Problems have been encountered for many years in the growing of tomatoes, particularly "cherry" tomatoes, where it is necessary that the growing takes place in a controlled environment, such as by use of a glass-house or greenhouse (hereinafter referred to generically as a greenhouse), particularly in the production of high quality tomatoes which may be sold at a premium price.

For a number of reasons it is desirable to grow the tomatoes in open soil, that is directly into the ground. In this way the plants will grow in the presence of naturally occurring nutrients, which produce tomatoes which have excellent flavour profiles. Additionally, the action of earthworms in the soil improves the root environment of the plants, increasing the resistance of the plant to root diseases, which would result in reduced production and/or inferior or malshaped fruit.

However repeated use of the same soil for the same crop causes crop decrease, and can render the system non-viable from a commercial point of view unless routine sterilisation takes place, either by chemical sterilisation, or by heat (steam) treatment.

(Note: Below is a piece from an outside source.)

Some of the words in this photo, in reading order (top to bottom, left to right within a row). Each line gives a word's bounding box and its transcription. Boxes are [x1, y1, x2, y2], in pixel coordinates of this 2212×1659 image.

Additionally the depletion of soil nutrients during growth of crops is produced, and although this can be remedied by the use of artificial fertilisers, this method of production is considered non-viable because of the high cost.

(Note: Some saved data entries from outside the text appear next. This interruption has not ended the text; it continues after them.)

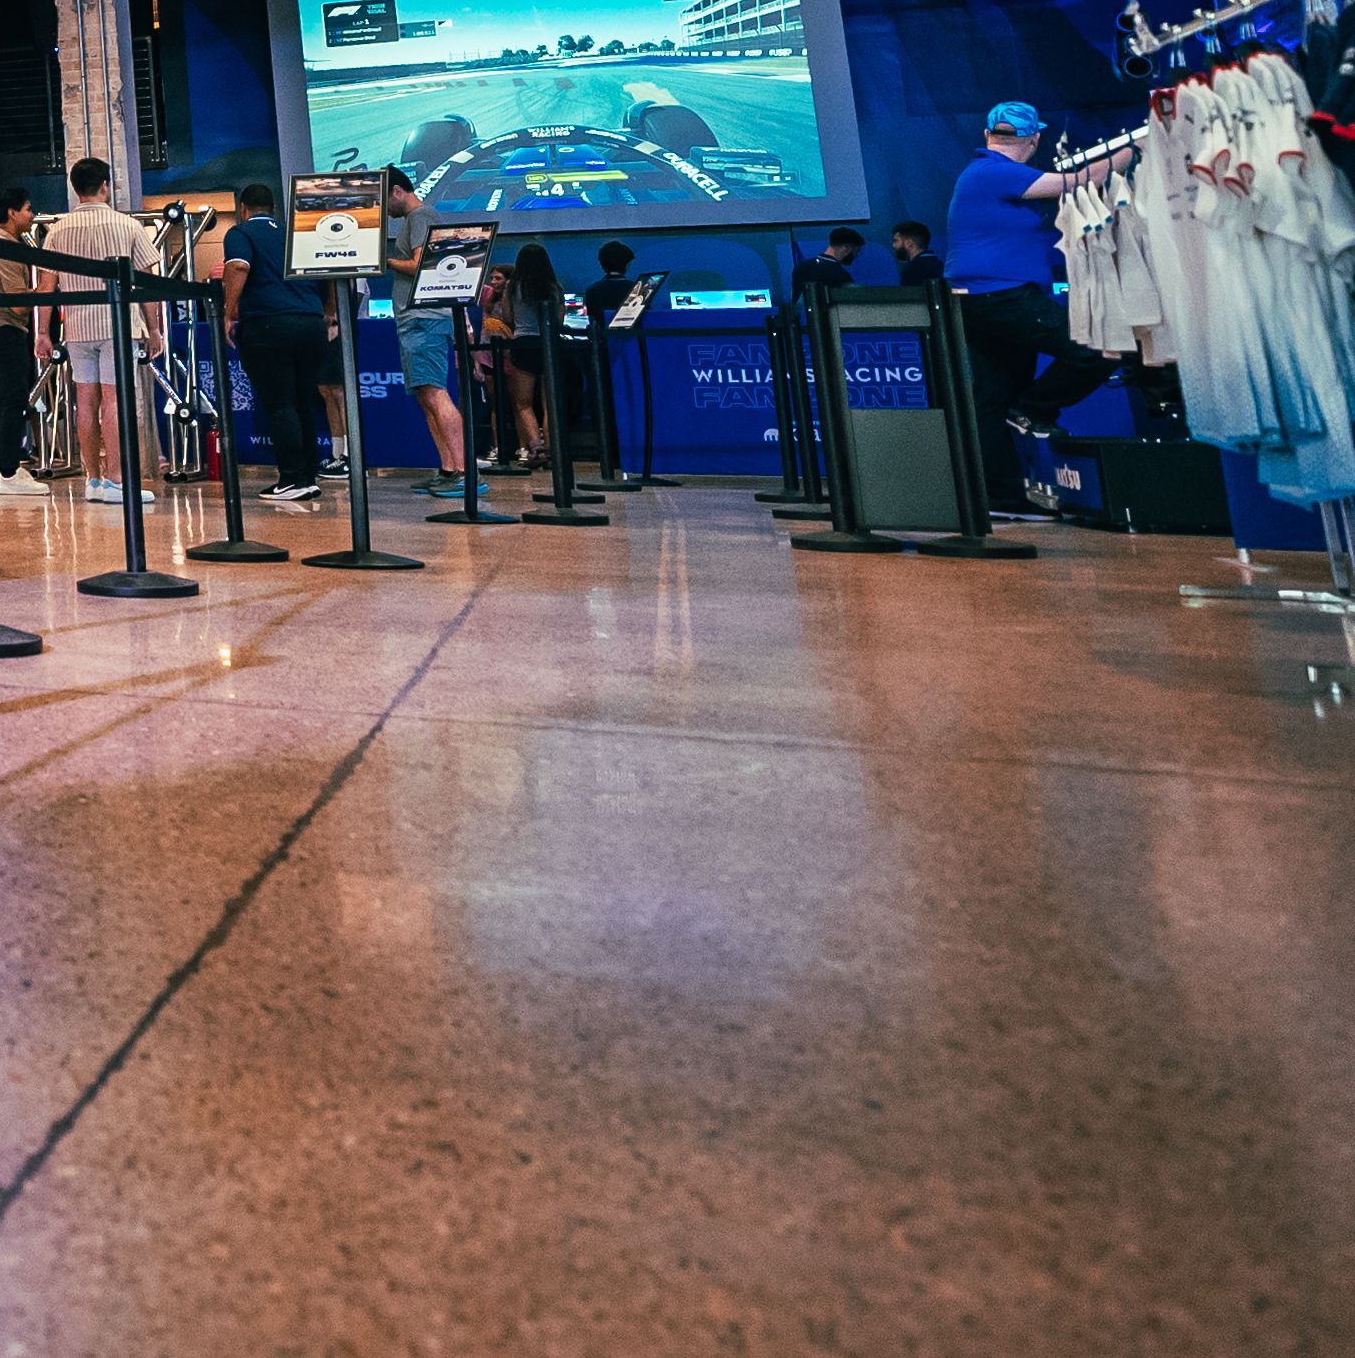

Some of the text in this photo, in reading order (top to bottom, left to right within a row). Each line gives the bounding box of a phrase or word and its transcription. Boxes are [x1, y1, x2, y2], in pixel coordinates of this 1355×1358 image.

[663, 152, 729, 202] DURACELL
[315, 250, 358, 259] FW46
[420, 284, 473, 293] KOMATSU
[359, 372, 405, 385] OUR
[843, 366, 923, 383] ACING

2 Whilst a solution to this problem could be seen in the utilisation of a small area, say 25%, of that enclosed by the greenhouse for the growing of a crop of tomatoes in one year, and by using a four year crop rotation cycle, this would be prohibitively costly, since it would be necessary to maintain an enclosed environment over an effectively non-productive area.

An alternative method of growing tomatoes in an enclosed environment is by the use of growing bags containing a growing medium such as peat. However three factors prevent this method from being successfully used in the growing of premium tomatoes on a commercial scale, as follows:

a) the high cost; b) it is necessary to use artificial nutrients such as soluble nitrate fertilisers, which reduces the quality of the flavour of the tomatoes; c) the absence of natural organisms in the growing bag can result in unfavourable conditions adjacent to the roots of the plant, increasing the tendency for root diseases to occur.

Additionally, from an environmental point of view, the use of peat is undesirable, and the disposal of the peat from the bags on completion of use is required.

For this reason for large scale commercial growing of tomatoes, soil-less growing systems (hydroponic systems) have been developed using spun mineral fibre (rockwool). Such a system has enabled yield increases of 40% over standard soil-grown systems. The main benefits are derived from maintaining an artificial but hygienic root environment, enabling 100% of the individual plants in the crop to be supplied with the correct rhizospheric air:water ratio necessary for a healthy root system. The improved visual product quality, earlier and higher yields, and reduction in labour costs of this system are highly beneficial.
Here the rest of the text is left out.